Task objective: Every entry, from first to last, must be written out exactly.

--------------------------------------------------

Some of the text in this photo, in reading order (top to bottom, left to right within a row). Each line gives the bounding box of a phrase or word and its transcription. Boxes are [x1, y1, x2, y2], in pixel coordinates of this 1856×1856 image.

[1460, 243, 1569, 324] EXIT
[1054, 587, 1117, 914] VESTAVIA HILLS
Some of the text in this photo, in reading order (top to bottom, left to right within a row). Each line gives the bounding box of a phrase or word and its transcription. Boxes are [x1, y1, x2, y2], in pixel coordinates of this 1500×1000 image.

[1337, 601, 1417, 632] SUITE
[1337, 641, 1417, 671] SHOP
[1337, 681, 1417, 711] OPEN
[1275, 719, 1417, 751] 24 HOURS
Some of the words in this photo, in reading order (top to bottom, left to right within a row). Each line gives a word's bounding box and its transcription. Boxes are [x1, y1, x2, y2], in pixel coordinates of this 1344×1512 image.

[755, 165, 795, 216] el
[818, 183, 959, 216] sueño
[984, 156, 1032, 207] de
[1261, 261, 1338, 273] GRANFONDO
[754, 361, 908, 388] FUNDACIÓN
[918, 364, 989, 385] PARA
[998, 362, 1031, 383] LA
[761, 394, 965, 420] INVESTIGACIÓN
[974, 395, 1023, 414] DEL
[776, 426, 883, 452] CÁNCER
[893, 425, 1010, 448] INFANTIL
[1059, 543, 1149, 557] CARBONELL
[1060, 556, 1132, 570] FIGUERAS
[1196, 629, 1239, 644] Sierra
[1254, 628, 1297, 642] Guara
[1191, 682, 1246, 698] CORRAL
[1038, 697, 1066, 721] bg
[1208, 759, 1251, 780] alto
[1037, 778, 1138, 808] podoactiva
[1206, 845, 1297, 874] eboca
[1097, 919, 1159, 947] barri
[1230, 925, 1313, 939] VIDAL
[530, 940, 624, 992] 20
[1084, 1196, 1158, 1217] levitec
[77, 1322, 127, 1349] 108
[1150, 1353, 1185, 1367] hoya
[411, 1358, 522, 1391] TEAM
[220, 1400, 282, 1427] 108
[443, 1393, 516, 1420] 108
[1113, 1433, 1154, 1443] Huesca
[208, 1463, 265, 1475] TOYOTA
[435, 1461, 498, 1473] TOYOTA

--------------------------------------------------

Answer space:
Some of the text in this photo, in reading order (top to bottom, left to right within a row). Each line gives the bounding box of a phrase or word and its transcription. Boxes are [x1, y1, x2, y2], in pixel coordinates of this 1856×1856 image.

[1460, 243, 1569, 324] EXIT
[1054, 587, 1117, 914] VESTAVIA HILLS
Some of the text in this photo, in reading order (top to bottom, left to right within a row). Each line gives the bounding box of a phrase or word and its transcription. Boxes are [x1, y1, x2, y2], in pixel coordinates of this 1500×1000 image.

[1337, 601, 1417, 632] SUITE
[1337, 641, 1417, 671] SHOP
[1337, 681, 1417, 711] OPEN
[1275, 719, 1417, 751] 24 HOURS
Some of the words in this photo, in reading order (top to bottom, left to right within a row). Each line gives a word's bounding box and its transcription. Boxes are [x1, y1, x2, y2], in pixel coordinates of this 1344×1512 image.

[755, 165, 795, 216] el
[818, 183, 959, 216] sueño
[984, 156, 1032, 207] de
[1261, 261, 1338, 273] GRANFONDO
[754, 361, 908, 388] FUNDACIÓN
[918, 364, 989, 385] PARA
[998, 362, 1031, 383] LA
[761, 394, 965, 420] INVESTIGACIÓN
[974, 395, 1023, 414] DEL
[776, 426, 883, 452] CÁNCER
[893, 425, 1010, 448] INFANTIL
[1059, 543, 1149, 557] CARBONELL
[1060, 556, 1132, 570] FIGUERAS
[1196, 629, 1239, 644] Sierra
[1254, 628, 1297, 642] Guara
[1191, 682, 1246, 698] CORRAL
[1038, 697, 1066, 721] bg
[1208, 759, 1251, 780] alto
[1037, 778, 1138, 808] podoactiva
[1206, 845, 1297, 874] eboca
[1097, 919, 1159, 947] barri
[1230, 925, 1313, 939] VIDAL
[530, 940, 624, 992] 20
[1084, 1196, 1158, 1217] levitec
[77, 1322, 127, 1349] 108
[1150, 1353, 1185, 1367] hoya
[411, 1358, 522, 1391] TEAM
[220, 1400, 282, 1427] 108
[443, 1393, 516, 1420] 108
[1113, 1433, 1154, 1443] Huesca
[208, 1463, 265, 1475] TOYOTA
[435, 1461, 498, 1473] TOYOTA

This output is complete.